ESR4 explores the hypothesis that uremic microcalcification is not only caused by phosphate retention, but also by persistent inflammation, vitamin K deficiency, inactive MGP, and increased vascular expression of apoptotic genes and bone proteins. We also plan to study 1) progerin expression and markers of DNA repair deficiency and premature senescence, 2) chemical anatomy of vascular lesions associated with CKD, 3) relate uremic calcification to markers of established and novel markers of bioageing, 4) test relation between uremic calcification and ex vivo endothelial function and 5) relate the uremic microbiota to premature vascular ageing.

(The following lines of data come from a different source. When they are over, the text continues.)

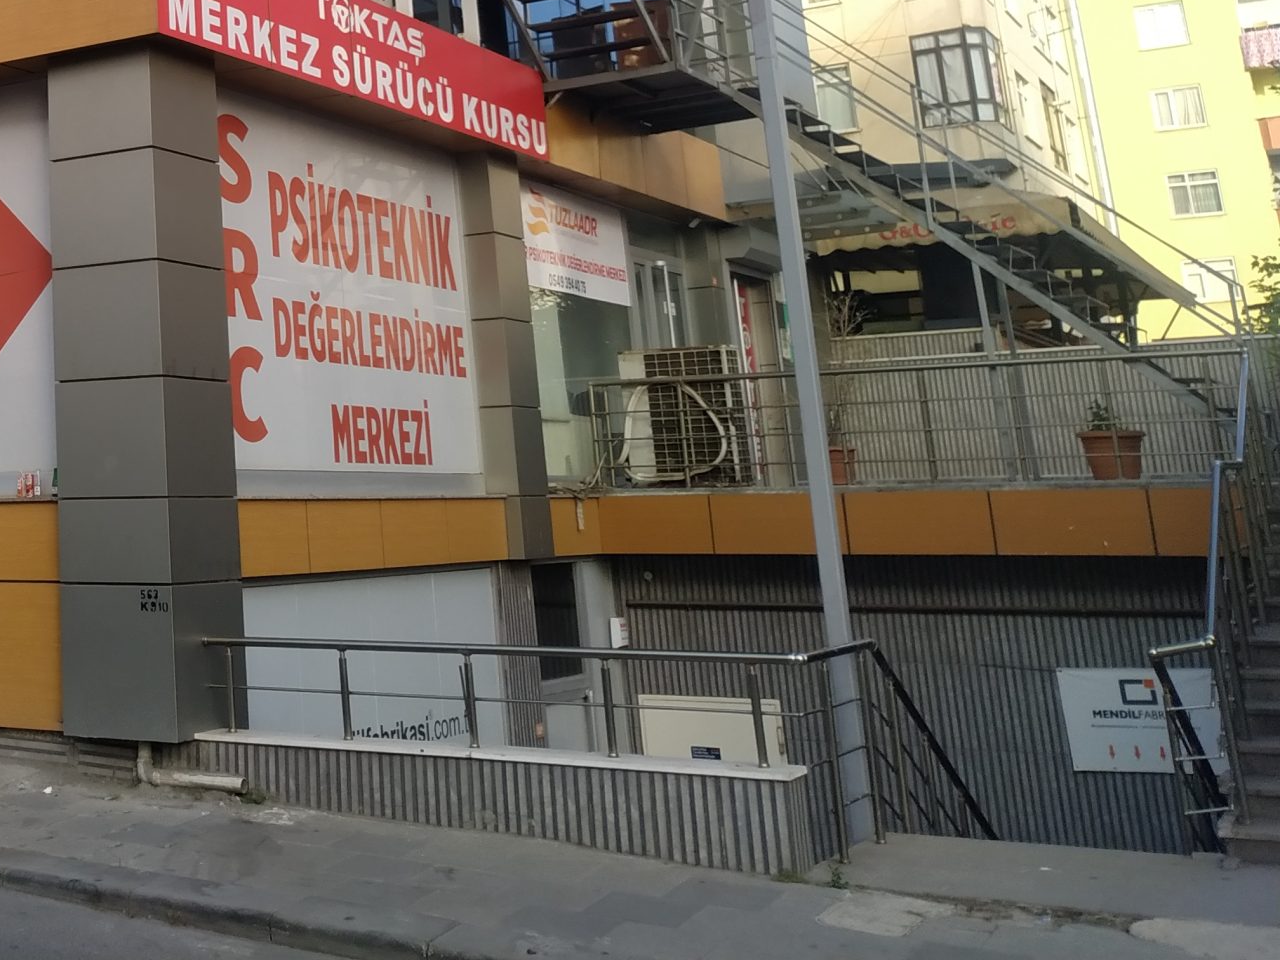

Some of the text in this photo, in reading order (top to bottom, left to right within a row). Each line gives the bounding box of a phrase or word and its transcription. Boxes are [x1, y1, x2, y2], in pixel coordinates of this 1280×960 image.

[331, 43, 455, 124] SÜRÜCÜ
[462, 91, 548, 156] KURSU
[267, 162, 458, 292] PSİKOTEKNİK
[272, 291, 467, 379] DEĞERLENDİRME
[331, 399, 433, 466] MERKEZİ
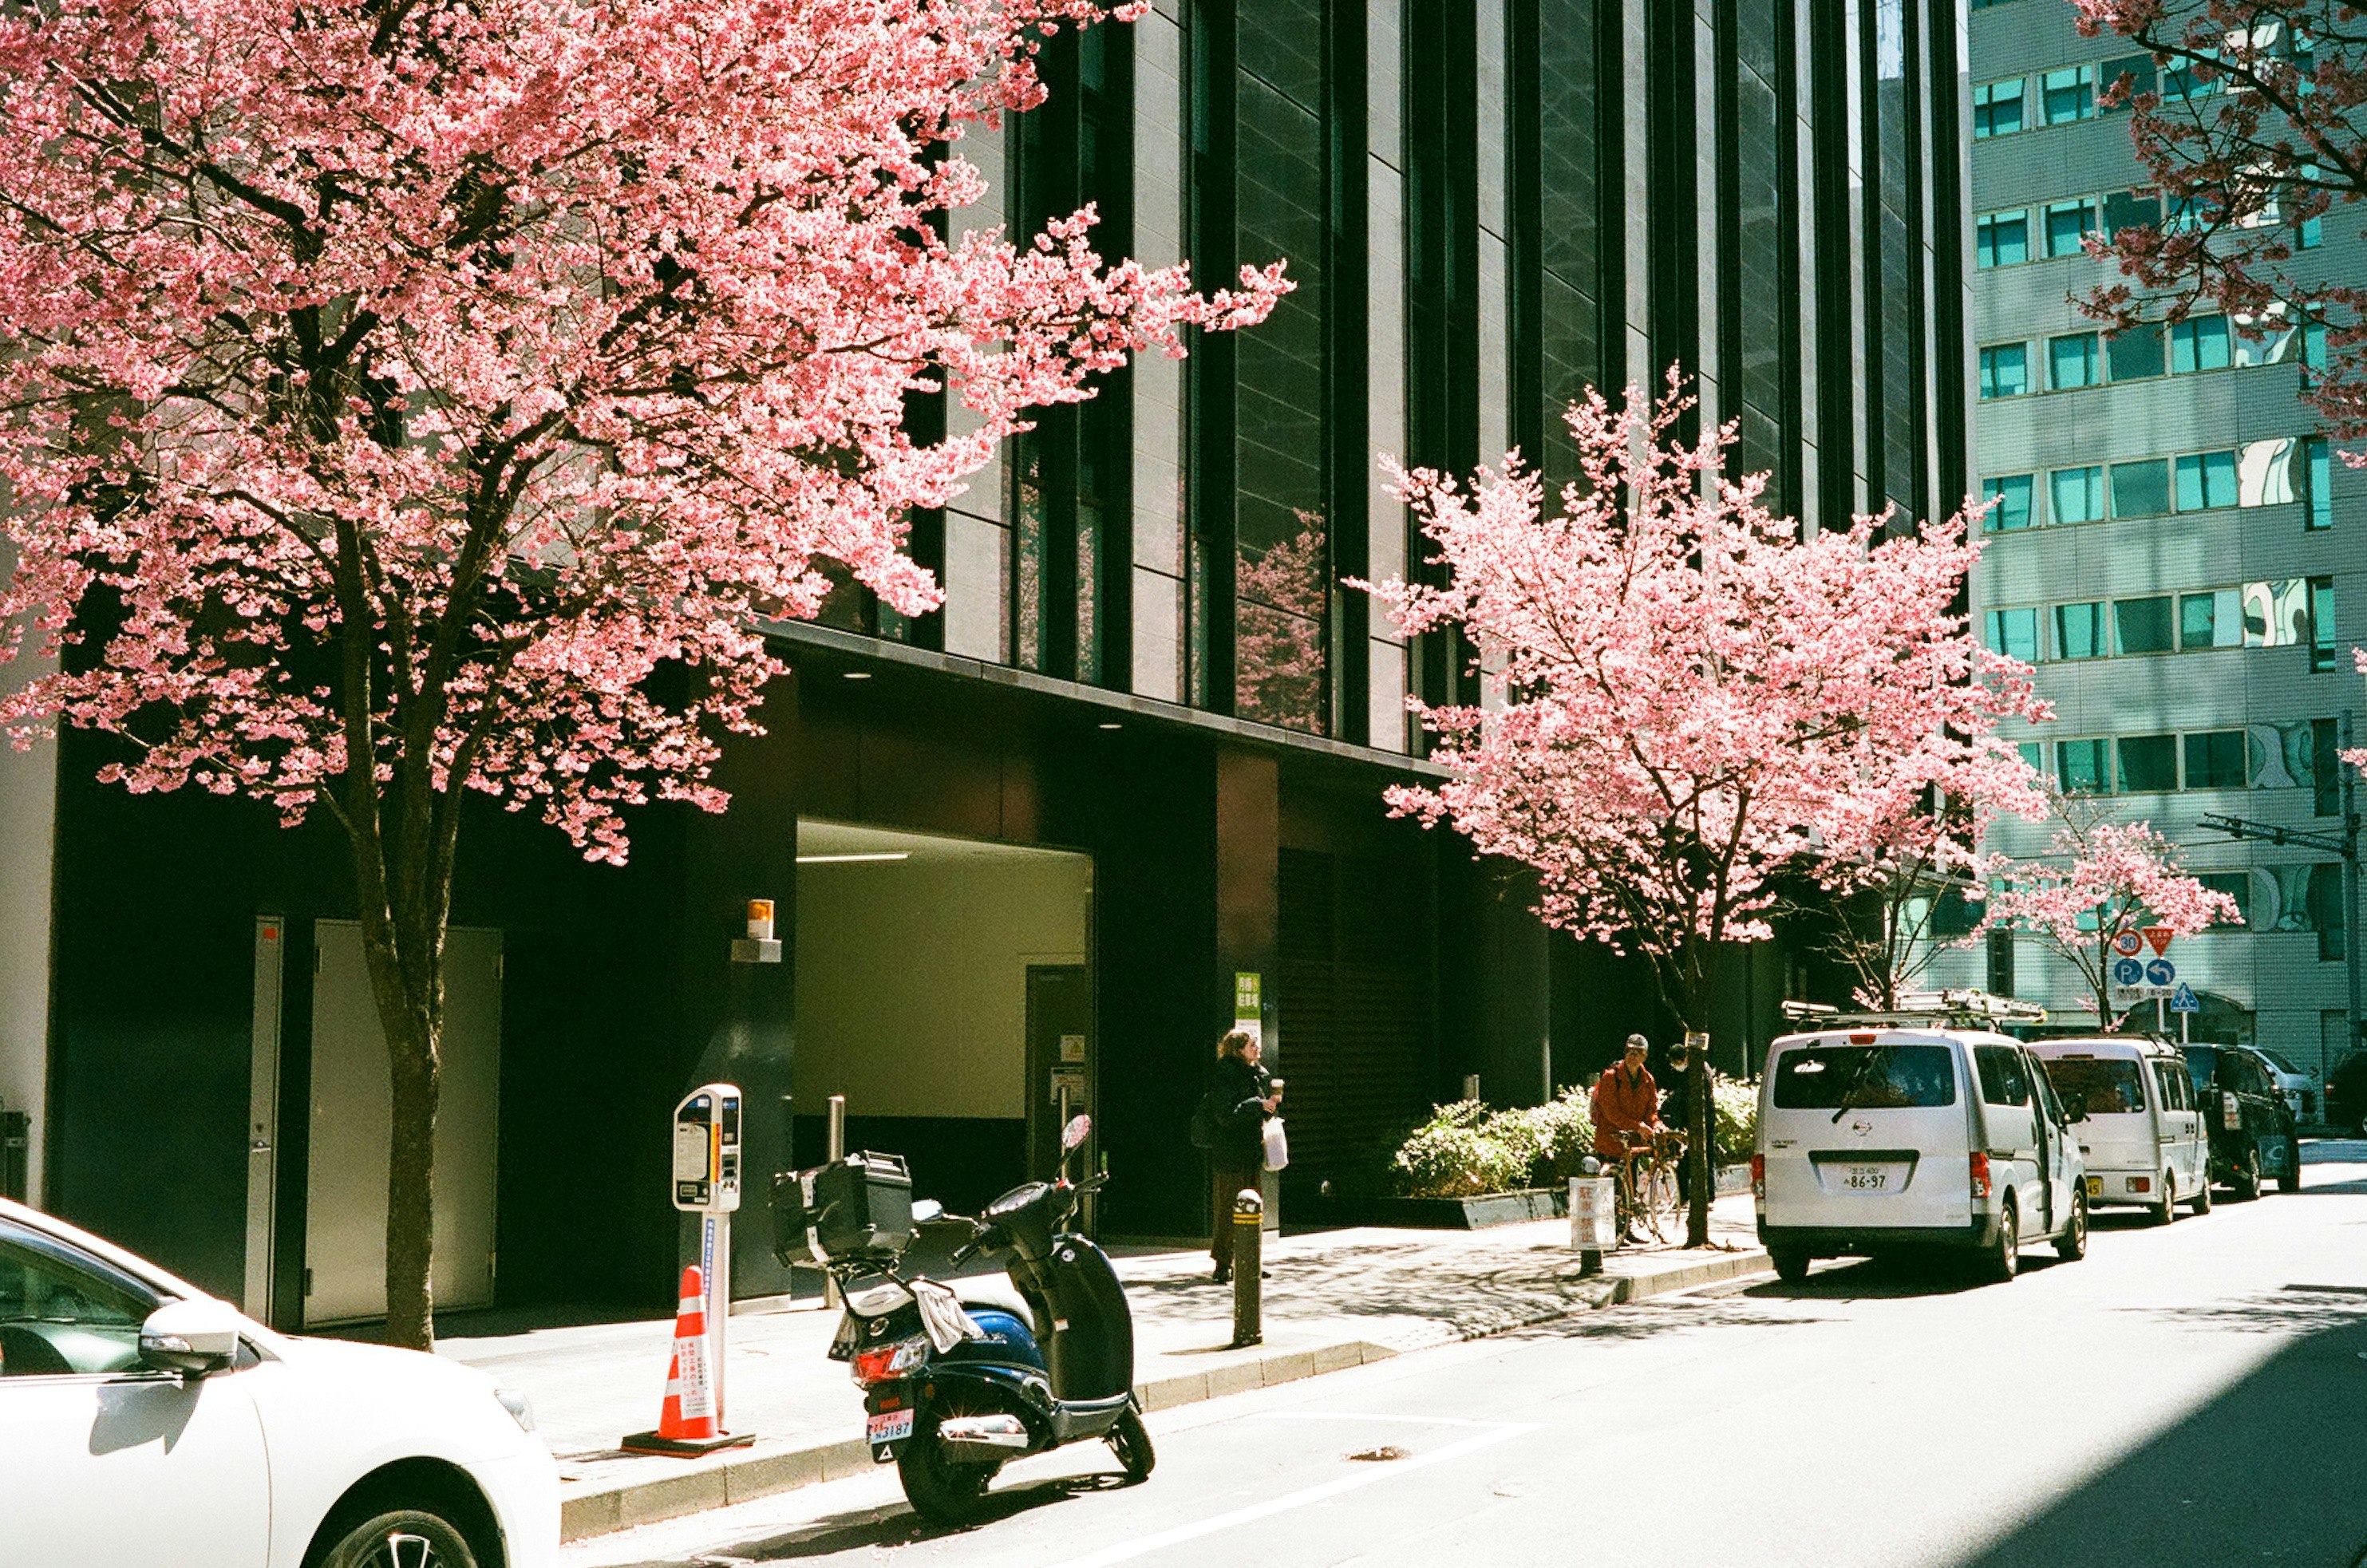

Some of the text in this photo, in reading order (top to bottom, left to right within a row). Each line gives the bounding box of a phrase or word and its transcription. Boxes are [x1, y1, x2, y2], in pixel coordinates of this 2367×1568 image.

1. About 120 ESRD patients are tested at time of LD-RTx. Vascular biopsies are scored for fibrosis and calcification and stained for inflammatory markers, bone proteins, elastin, collagen and progerin. We analyse inhibitors and promoters of calcification, TMAO, protein-bound uremic toxins, calcification propensity, miRNAs, apoptotic genes in calcified vs. non-calcified vessels, genotypes of established as well as novel candidate genes, and gene specific DNA methylation, allowing exploration of signalling pathways. In addition, results from ESR3 on novel biomarkers predicting calcification and miRNA data from ESR1 and data on fetuin-A and CPPs from ESR12 will be validated and tested.
2. Uremic and control epigastric arteries obtained from patients and controls will be quantified for progerin expression, and markers for DNA repair deficiency and premature senescence, using IF microscopy. Droplet digital PCR will be used to screen DNA for the presence of low-degree mosaicism for nucleotide variants that result in increased progerin production.
3. Small arteries will be isolated from sc uremic fat. Functional properties of vessels will be studied using isometric ‘wire’ and perfusion myography, which is a reliable method for acutely assessing endothelial function response to pharmacological agonists before and after application with MV, while allowing studies on long-term effects and evaluates shear stress, pressure-mediated pharmacological activation, with different agonists on endothelium-derived factors and uremic microvesicles.